> _Directions for this task_: All of the data that follows is to be written out exactly, with images excluded.

[Spatial localization data]

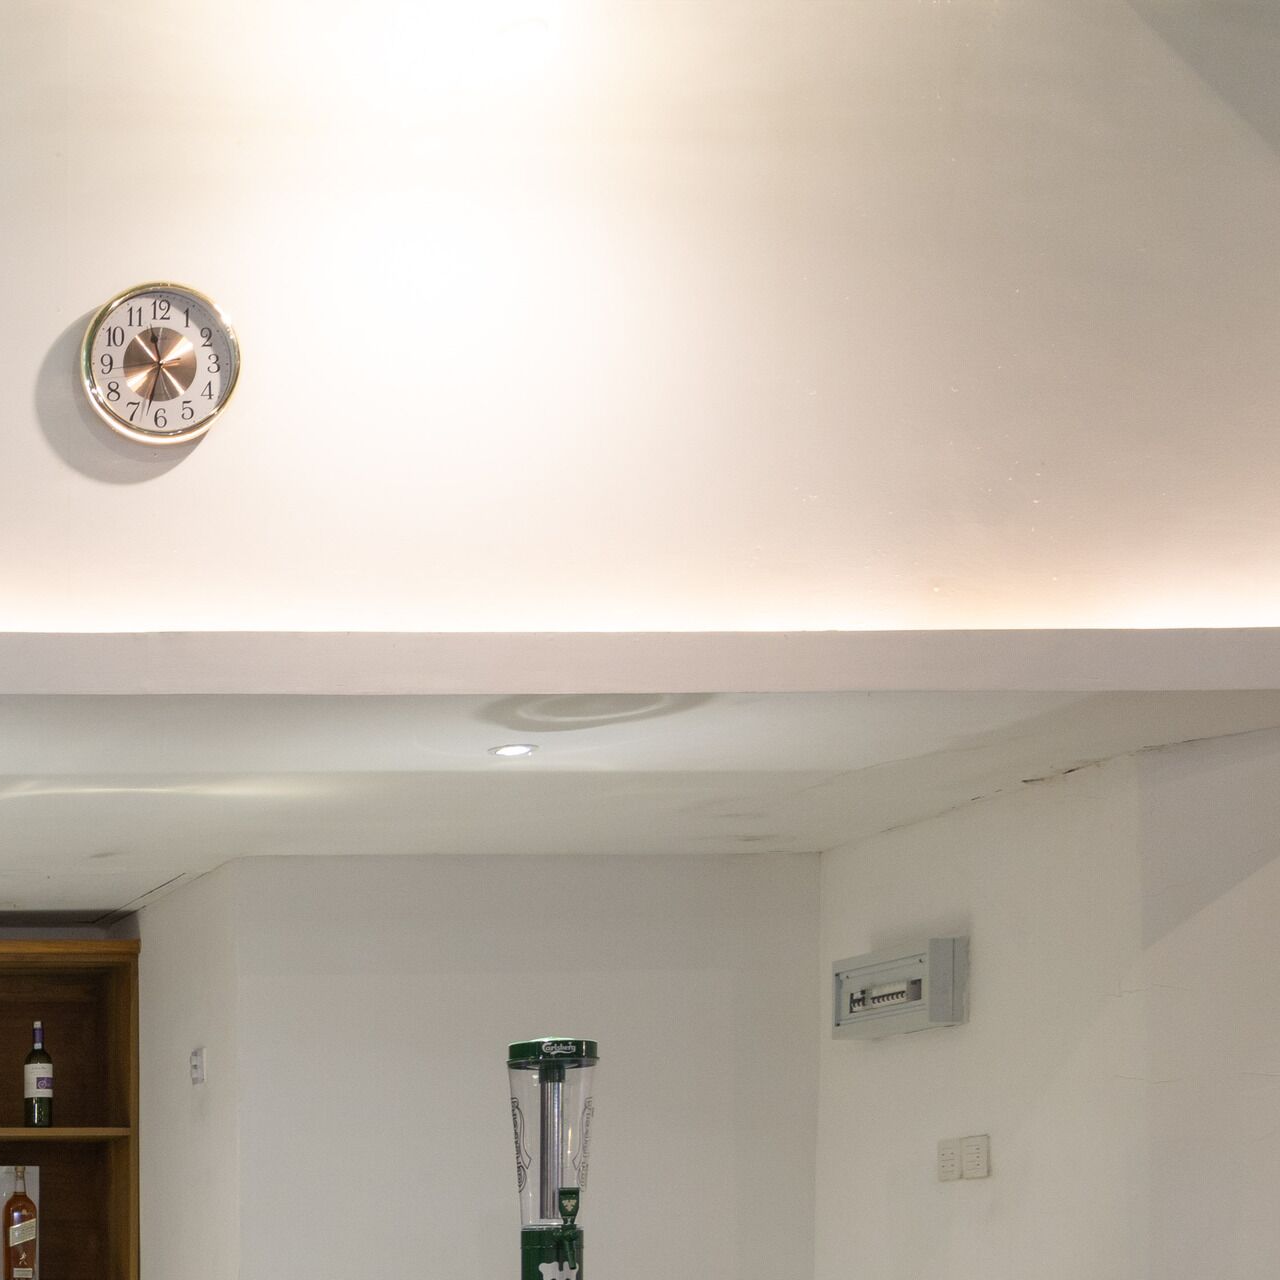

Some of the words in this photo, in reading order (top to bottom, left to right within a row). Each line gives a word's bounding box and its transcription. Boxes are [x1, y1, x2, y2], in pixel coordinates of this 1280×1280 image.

[127, 306, 143, 327] 11
[151, 299, 171, 321] 12
[183, 307, 190, 328] 1
[105, 326, 124, 347] 10
[201, 327, 212, 348] 2
[100, 353, 113, 375] 9
[207, 354, 220, 374] 3
[107, 381, 121, 402] 8
[201, 380, 214, 400] 4
[126, 401, 140, 422] 7
[154, 408, 167, 429] 6
[181, 400, 194, 421] 5
[542, 1042, 576, 1055] Carlsberg

> _Solution to the exercise_:
Some of the words in this photo, in reading order (top to bottom, left to right within a row). Each line gives a word's bounding box and its transcription. Boxes are [x1, y1, x2, y2], in pixel coordinates of this 1280×1280 image.

[127, 306, 143, 327] 11
[151, 299, 171, 321] 12
[183, 307, 190, 328] 1
[105, 326, 124, 347] 10
[201, 327, 212, 348] 2
[100, 353, 113, 375] 9
[207, 354, 220, 374] 3
[107, 381, 121, 402] 8
[201, 380, 214, 400] 4
[126, 401, 140, 422] 7
[154, 408, 167, 429] 6
[181, 400, 194, 421] 5
[542, 1042, 576, 1055] Carlsberg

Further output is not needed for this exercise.